=== Work to be completed ===
Each entry should be printed exactly, with its images omitted.

=== Information given ===
----
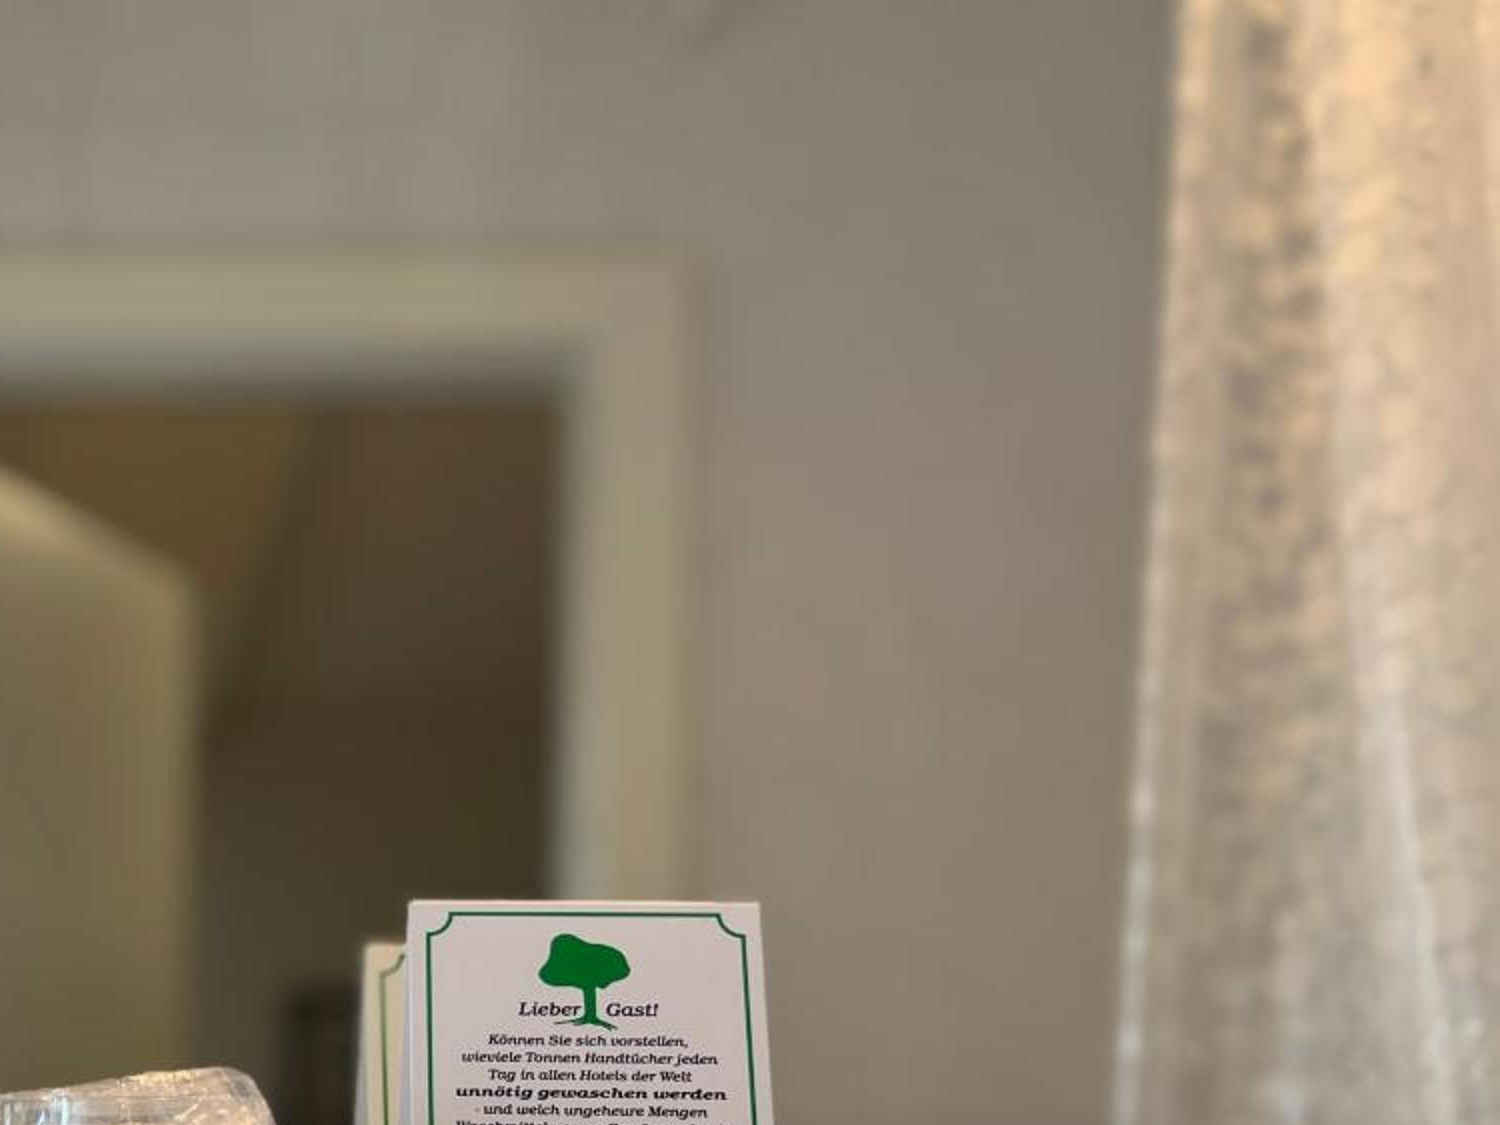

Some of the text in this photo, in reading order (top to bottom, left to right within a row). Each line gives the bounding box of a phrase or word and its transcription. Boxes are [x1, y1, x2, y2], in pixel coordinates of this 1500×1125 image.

[518, 1001, 660, 1017] Lieber Gast!
[488, 1034, 545, 1046] Können
[548, 1035, 572, 1046] Sie
[575, 1035, 607, 1047] sich
[525, 1051, 581, 1063] Tonnen
[674, 1053, 718, 1067] jeden
[487, 1068, 517, 1083] Tag
[520, 1069, 536, 1081] in
[538, 1069, 577, 1081] allen
[631, 1070, 657, 1082] der
[659, 1071, 692, 1083] Welt
[456, 1085, 727, 1101] unnötig gewaschen werden
[483, 1104, 513, 1115] und
[563, 1105, 645, 1119] ungeheure
[648, 1106, 708, 1121] Mengen
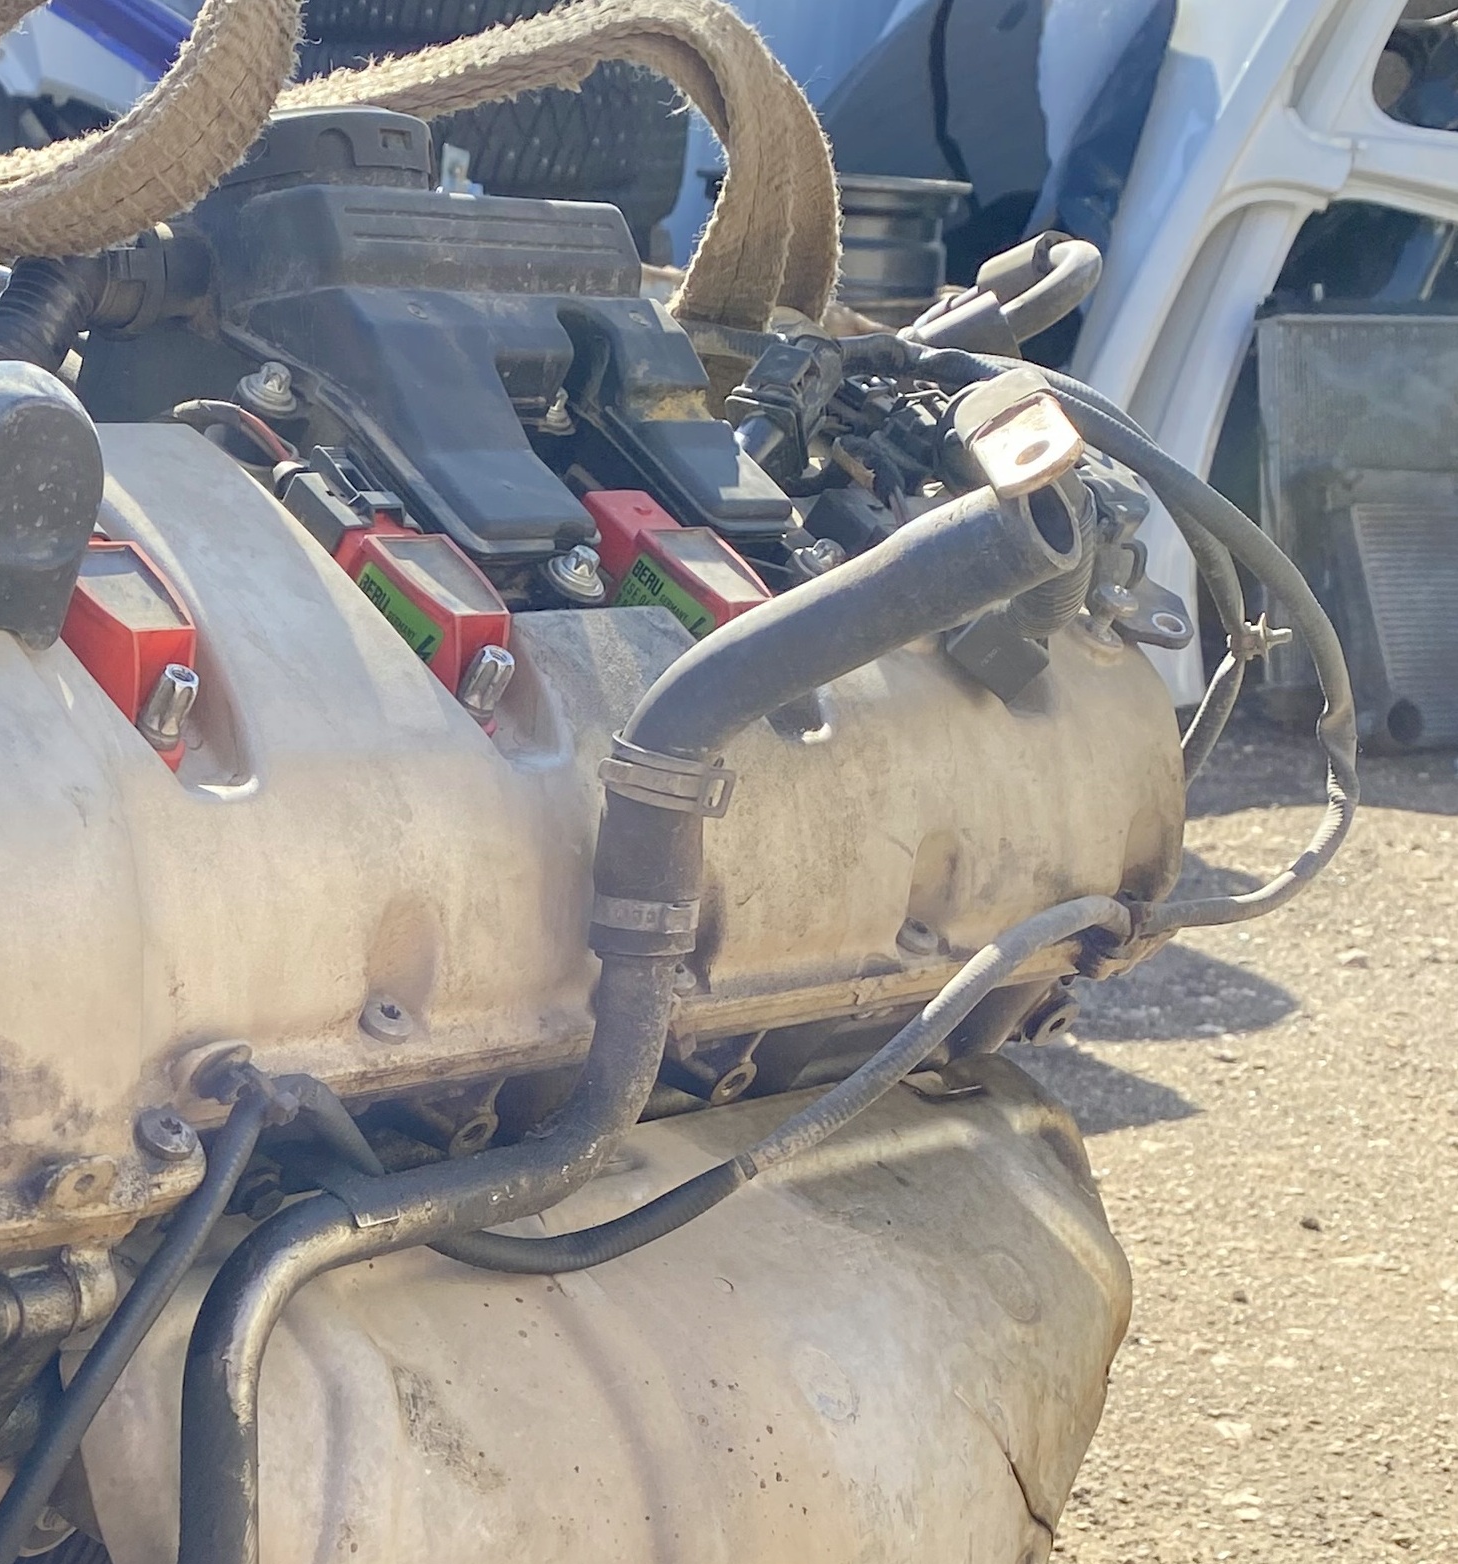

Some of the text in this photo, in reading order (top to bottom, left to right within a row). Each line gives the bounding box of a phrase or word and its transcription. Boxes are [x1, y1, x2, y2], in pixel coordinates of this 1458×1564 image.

[359, 572, 391, 613] BERU
[631, 559, 689, 622] BERU GERMANY
----
=== Expected answer ===
Some of the text in this photo, in reading order (top to bottom, left to right within a row). Each line gives the bounding box of a phrase or word and its transcription. Boxes are [x1, y1, x2, y2], in pixel coordinates of this 1500×1125 image.

[518, 1001, 660, 1017] Lieber Gast!
[488, 1034, 545, 1046] Können
[548, 1035, 572, 1046] Sie
[575, 1035, 607, 1047] sich
[525, 1051, 581, 1063] Tonnen
[674, 1053, 718, 1067] jeden
[487, 1068, 517, 1083] Tag
[520, 1069, 536, 1081] in
[538, 1069, 577, 1081] allen
[631, 1070, 657, 1082] der
[659, 1071, 692, 1083] Welt
[456, 1085, 727, 1101] unnötig gewaschen werden
[483, 1104, 513, 1115] und
[563, 1105, 645, 1119] ungeheure
[648, 1106, 708, 1121] Mengen

Some of the text in this photo, in reading order (top to bottom, left to right within a row). Each line gives the bounding box of a phrase or word and its transcription. Boxes are [x1, y1, x2, y2], in pixel coordinates of this 1458×1564 image.

[359, 572, 391, 613] BERU
[631, 559, 689, 622] BERU GERMANY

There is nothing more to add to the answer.